This contains a short description of the changes made. It shouldn't be greater than 50 characters, should begin with a capital letter and written in the imperative eg. Add instead of Added or Adds.

3. Body

The body is used to explain what changes you made and why you made them. Not all commits are complex enough that they need a body, especially if you are working on a personal project alone, and as such writing a body is optional.

A blank line between the body and the subject is required and each line should have no more than 72 characters.

4. Footer

The footer is also optional and mainly used when you are using an issue tracker to reference the issue ID.


Example of a good commit message used by Udacity student Udacity Git Commit Message Style Guide

feat: Summarize changes in around 50 characters or less

More detailed explanatory text, if necessary. Wrap it to about 72
characters or so. In some contexts, the first line is treated as the
subject of the commit and the rest of the text as the body. The
blank line separating the summary from the body is critical (unless
you omit the body entirely); various tools like log, shortlog
and rebase can get confused if you run the two together.

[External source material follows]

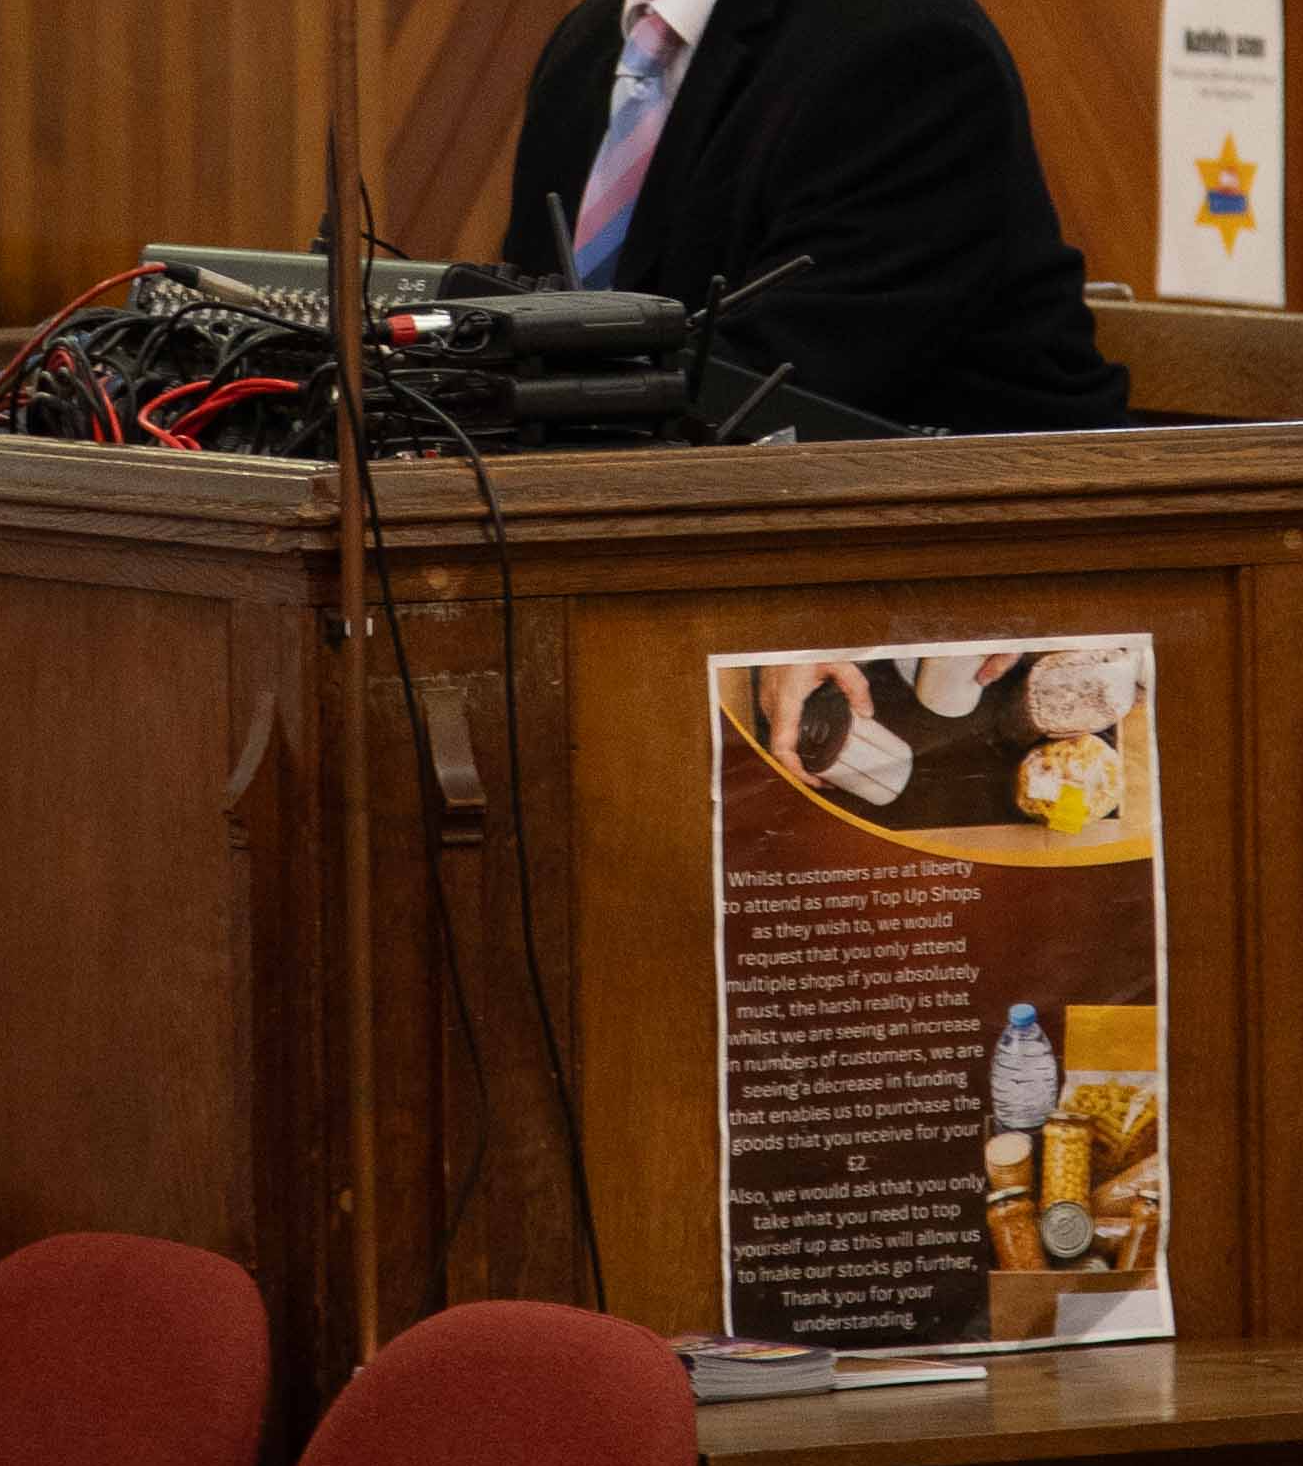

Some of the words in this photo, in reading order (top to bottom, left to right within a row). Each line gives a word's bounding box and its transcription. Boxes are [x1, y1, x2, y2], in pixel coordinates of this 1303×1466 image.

Explain the problem that this commit is solving. Focus on why you
are making this change as opposed to how (the code explains that).
Are there side effects or other unintuitive consequences of this
change? Here's the place to explain to them.

Further paragraphs come after blank lines.

  • Bullet points are okay, too

  • Typically a hyphen or asterisk is used for the bullet, preceded
    by a single space, with blank lines in between, but conventions
    vary here

If you use an issue tracker, put references to them at the bottom,
like this:

Resolves: #123
See also: #456, #789



A more practical example:

docs: Fix typo in README.md

Oldest comments (70)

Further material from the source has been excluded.